Building Healthy Communities

Grantee Name

Mount Sinai Adolescent Health Center

Funding Area

Building Healthy Communities

Publication Date

August 2019

Grant Amount

$250,000

Grant Date:

April 2016 – March 2017

The health of residents in a community is dependent not only on access to quality health care, but also on the availability and knowledge of resources available.

If essential resources, such as health services, fitness opportunities, grocery stores, and public service centers, are not promoted, they run the risk of being unnoticed and underused. This is especially true in low-income communities, where it has been found that up to 30% of neighborhood assets are not returned by search engines such as Google.

MAPSCorps creates comprehensive maps of community assets and makes them available to the public through an online database. Doctors, social workers, case managers, community health workers, and other health care providers can use MAPSCorps’ data to help connect people to services close to where they live, including resources for healthy eating and active living. Also a youth employment training program, MAPSCorps provides meaningful work opportunities for high school youth, training them and pairing them in teams to collect, catalogue, and analyze the data.

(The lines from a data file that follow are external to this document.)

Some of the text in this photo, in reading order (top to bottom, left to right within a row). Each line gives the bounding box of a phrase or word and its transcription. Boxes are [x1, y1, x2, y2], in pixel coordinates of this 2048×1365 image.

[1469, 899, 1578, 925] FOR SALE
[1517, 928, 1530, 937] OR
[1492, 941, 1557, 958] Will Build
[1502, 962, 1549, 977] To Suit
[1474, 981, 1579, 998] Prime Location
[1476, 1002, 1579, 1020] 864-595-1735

NYSHealth awarded the Mount Sinai Adolescent Health Center, in partnership with MAPSCorps, a grant to create a hub to replicate MAPSCorps in New York City.

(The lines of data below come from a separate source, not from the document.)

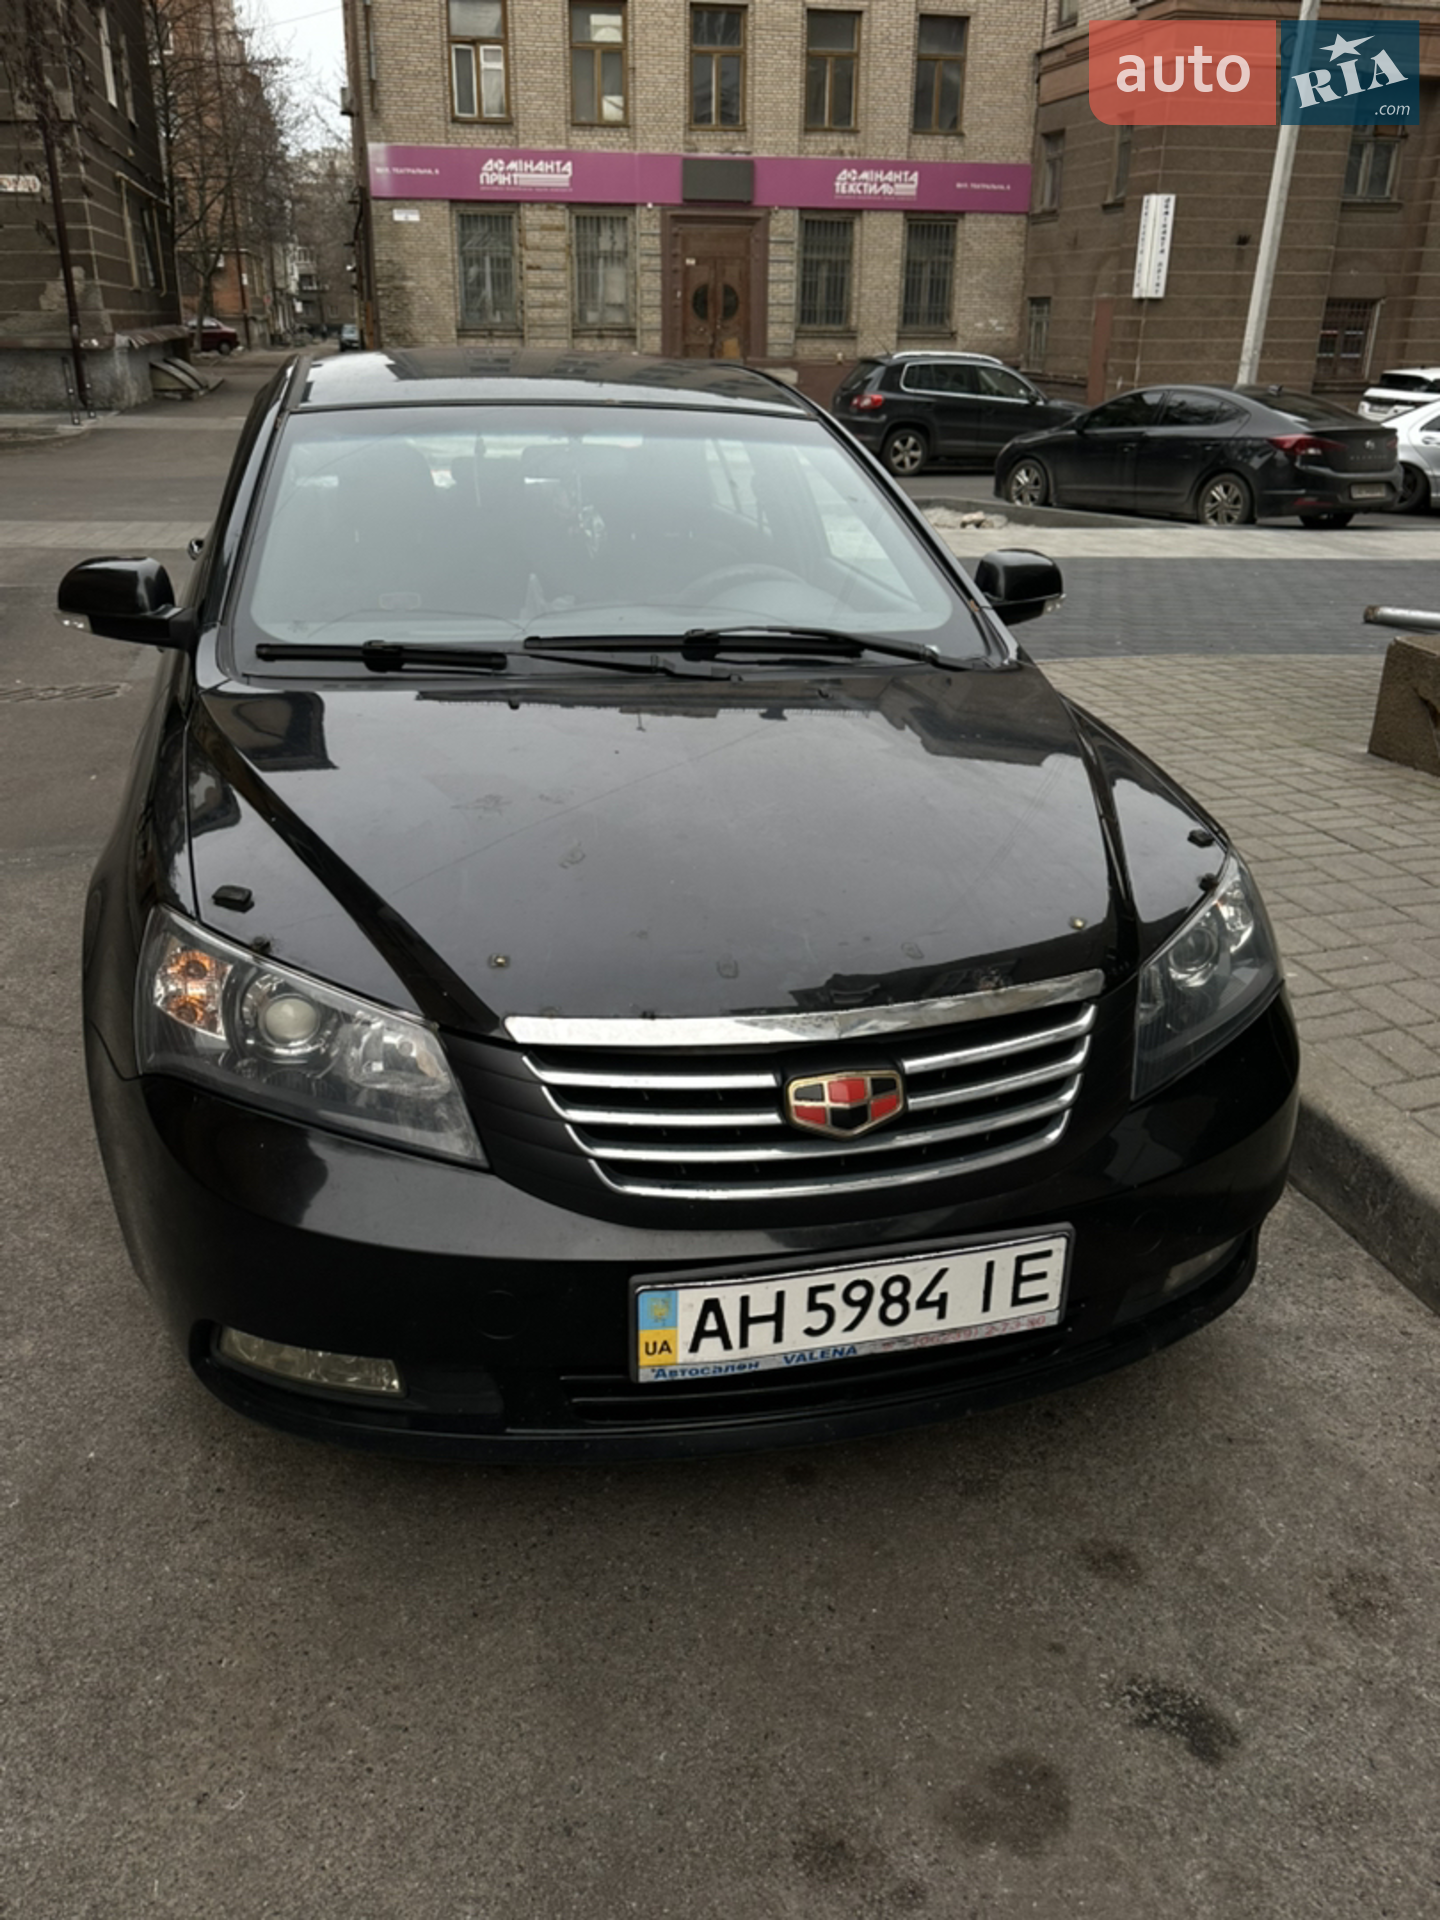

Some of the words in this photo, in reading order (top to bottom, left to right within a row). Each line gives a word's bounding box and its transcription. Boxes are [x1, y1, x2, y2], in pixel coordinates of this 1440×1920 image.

[688, 1290, 785, 1353] AH
[802, 1266, 949, 1338] 5984
[981, 1249, 1054, 1313] IE
[644, 1340, 673, 1356] UA
[783, 1344, 859, 1366] VALENA

Outcomes and Lessons Learned

  • Recruited, hired, and trained 100 high school students as youth mappers and 30 undergraduate students as field coordinators, who then mapped 17,817 businesses and organizations (e.g., health and social service providers) in 14 ZIP codes in East Harlem, Brownsville, Two Bridges, and the South Bronx over the summers of 2016 and 2017.
  • Trained field coordinators on community mapping and youth development skills, as well as on how to identify community assets, critically assess public health trends, and apply youth development principles when leading small group activities.
  • Partnered with community-based organizations to serve as host sites in the neighborhoods being mapped.
  • Provided technical assistance to the Two Bridges Neighborhood Council to update its Grocery Guide, which aims to increase access to affordable and healthy foods available to the Lower East Side community.
  • Used data collected in East Harlem to create five community health resources focused on financial planning, alternative education and employment opportunities, fitness centers, services for youth living with HIV, and services for LGBTQ youth.
  • Created an asset census that provided inventories of all businesses, services, and organizations; used this data to create comprehensive maps of these community assets, made available to the public through an online database.
  • Worked with the New York Academy of Medicine to evaluate the program and its impact on youth mappers, field coordinators, and host sites, finding that:
    • Youth mappers reported having a positive work experience that would be valuable for their careers.
    • The community-based organizations that hosted the youth mappers felt that the collaboration was successful and reported that youth participants gained a new perspective on public health.

Mount Sinai encountered some challenges with finding and securing host sites in time for summer implementation of the mapping project; as a result, it did not meet its goal to recruit 140 youth mappers and 35 field coordinators as originally intended. Another challenge was determining the usefulness of the maps to the communities they represent. Demand for the online database was not as high as projected, as only 25 people requested access to the data from the public website in the first two years of its release. However, Mount Sinai has continued its partnership with MAPSCorps beyond this grant and worked with the communities to remap several of the same ZIP codes in Manhattan, the Bronx, and Brooklyn in 2018, with plans to do so again in summer 2019. To date, more than 35 different stakeholders, such as government agencies, researchers, and community-based organizations, have requested access to the New York City data.